Ignacio Camacho-ABC
- La corrupción ha abierto la catarsis política que no provocó la amnistía. Y tal vez sea el principio de la caída
Esto va a acabar mal. «Esto» es el sanchismo, que no es (todavía) un régimen, ni siquiera un estilo, sino un modo de gobernar incompatible con el juego limpio. Cuando se somete a las instituciones a la presión arbitraria del Ejecutivo, se saltan los mecanismos de control, se legisla a medida de delincuentes o en propio beneficio, se bordean los márgenes de la ley –a menudo por fuera– para otorgar favores y satisfacer caprichos, se coloca en el sector público a familiares, amantes o amigos, se normaliza la mentira y se trata a los adversarios como enemigos; cuando, en definitiva, se usan los resortes del Estado al servicio de una aventura personal basada en la trampa y el ventajismo, lo normal es que esa deriva conduzca a un final poco digno.
Quizá no sea mañana, ni pasado, pero existen ya muchos indicios de que ha arrancado la cuenta atrás del desenlace. Habrá peligrosas sacudidas y maniobras desesperadas para aplazarlo y es probable que se retrase bastante con la colaboración de unos socios acostumbrados a sacar rédito de una mayoría inestable que sólo se sostiene en la lógica perversa del chantaje. No obstante, hoy por hoy parece difícil revertir la dinámica de desgaste. Una cosa es que Sánchez y su núcleo duro estén dispuestos a resistir a todo trance y otra distinta que los ciudadanos, incluso los partidarios más contumaces, no se percaten de que la única actividad del Gobierno consiste ya en escapar del cerco de los tribunales.
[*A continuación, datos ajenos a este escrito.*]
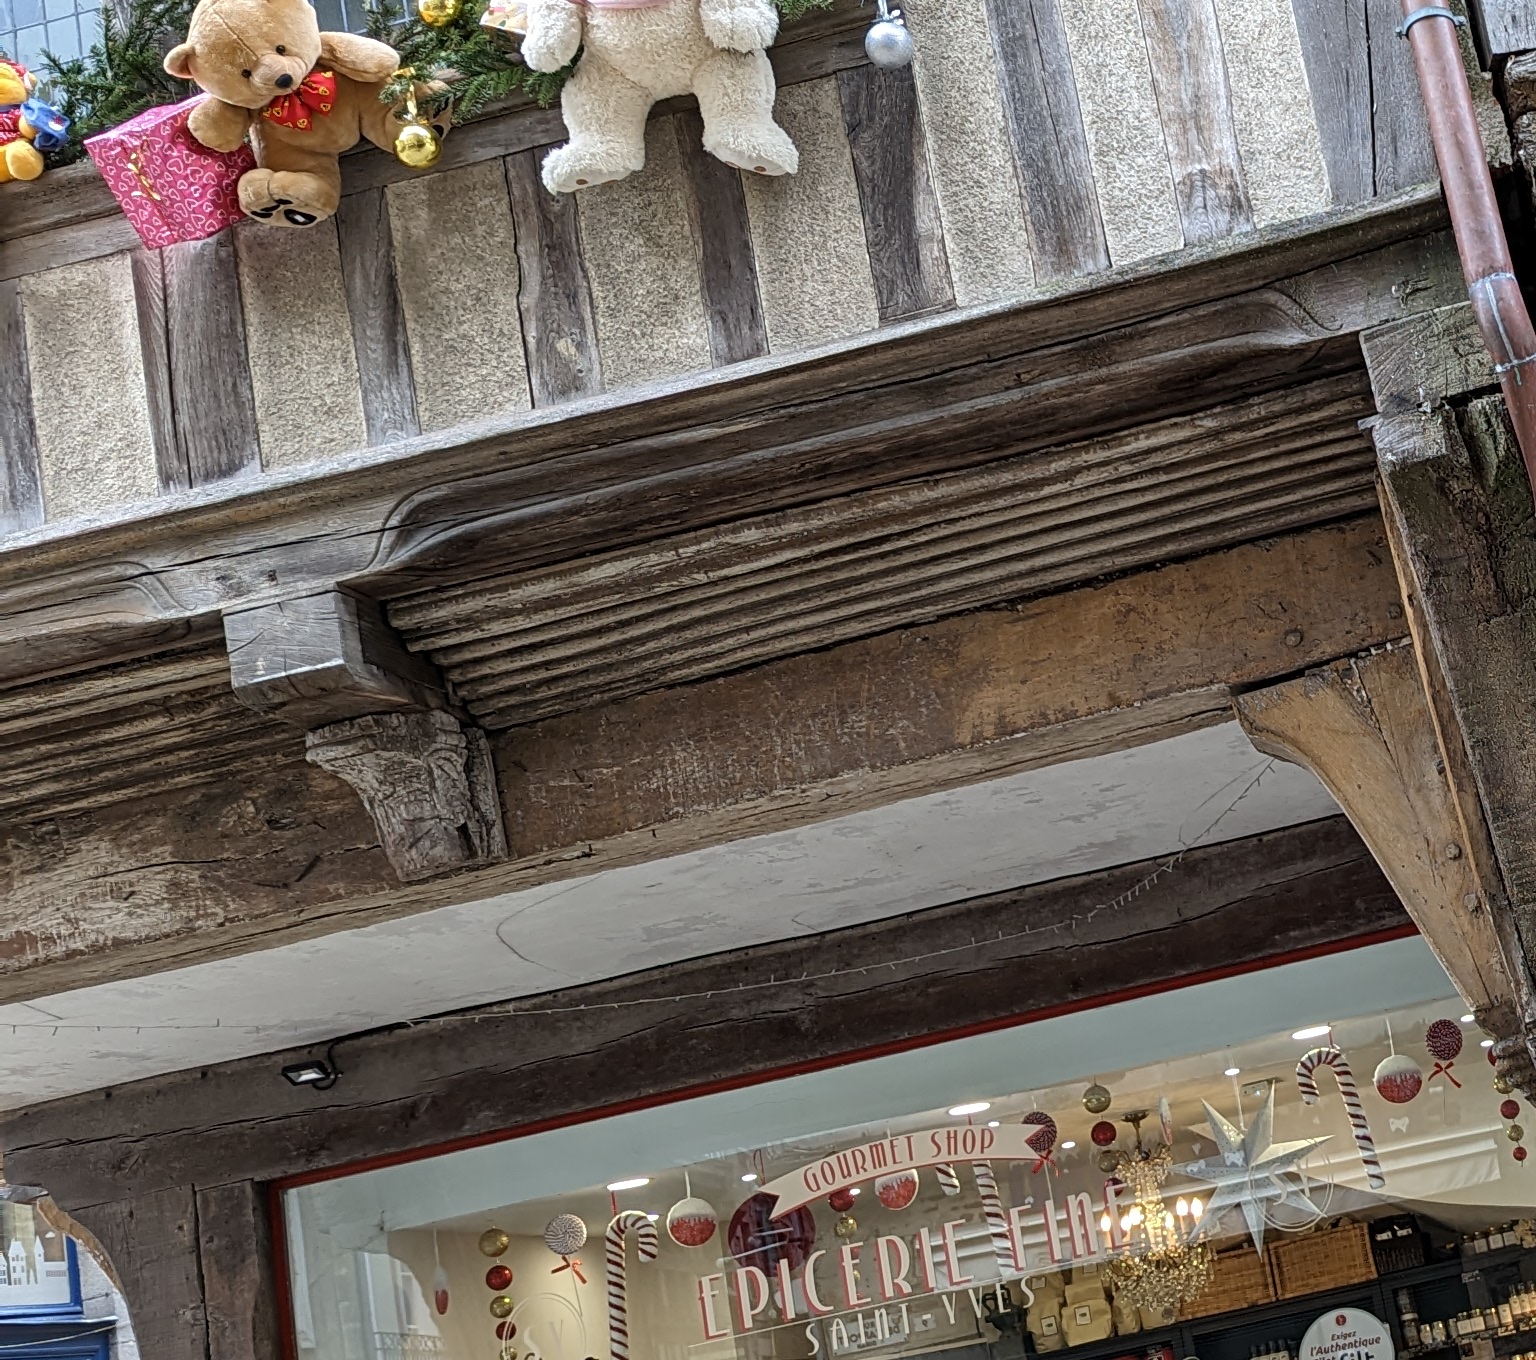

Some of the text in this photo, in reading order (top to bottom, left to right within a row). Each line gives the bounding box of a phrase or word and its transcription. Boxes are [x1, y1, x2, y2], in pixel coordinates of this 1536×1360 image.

El tiempo que quede no será grato. Dada la costumbre de la derecha de fallar penaltis, ni siquiera es posible descartar otro gatillazo. Incluso aunque el vuelco se produzca y llegue la alternancia aplazada por el fiasco de hace dos veranos, esta legislatura infame va a dejar un legado de estragos en la estructura del sistema democrático. Y la voladura deliberada de la centralidad, clave estratégica del actual mandato, garantiza que más allá de un eventual relevo en el poder continúe intacto el encarnizado choque de bandos, más feroz acaso si el concurso de la derecha radical se hace necesario para consumar el cambio. La polarización no admite espacios inmunes al fuego cruzado.
Resulta tristemente paradójico que el factor más determinante del deterioro sanchista, el de influencia más destructiva, haya sido el estallido de escándalos de venalidad y no la degradación de los paradigmas normativos de la política. Anomalías institucionales flagrantes, desviación de autoridad, venta de privilegios territoriales, destrucción de la convivencia e incluso la simonía de intercambiar la investidura por la impunidad de una sedición han quedado obviadas o digeridas bajo el señuelo del avance progresista. Pero la corrupción ha atravesado la epidermis de la opinión pública y abierto la catarsis que no provocó la amnistía. Si ése fuera el principio de la caída estaríamos ante un acto de justicia poética retroactiva.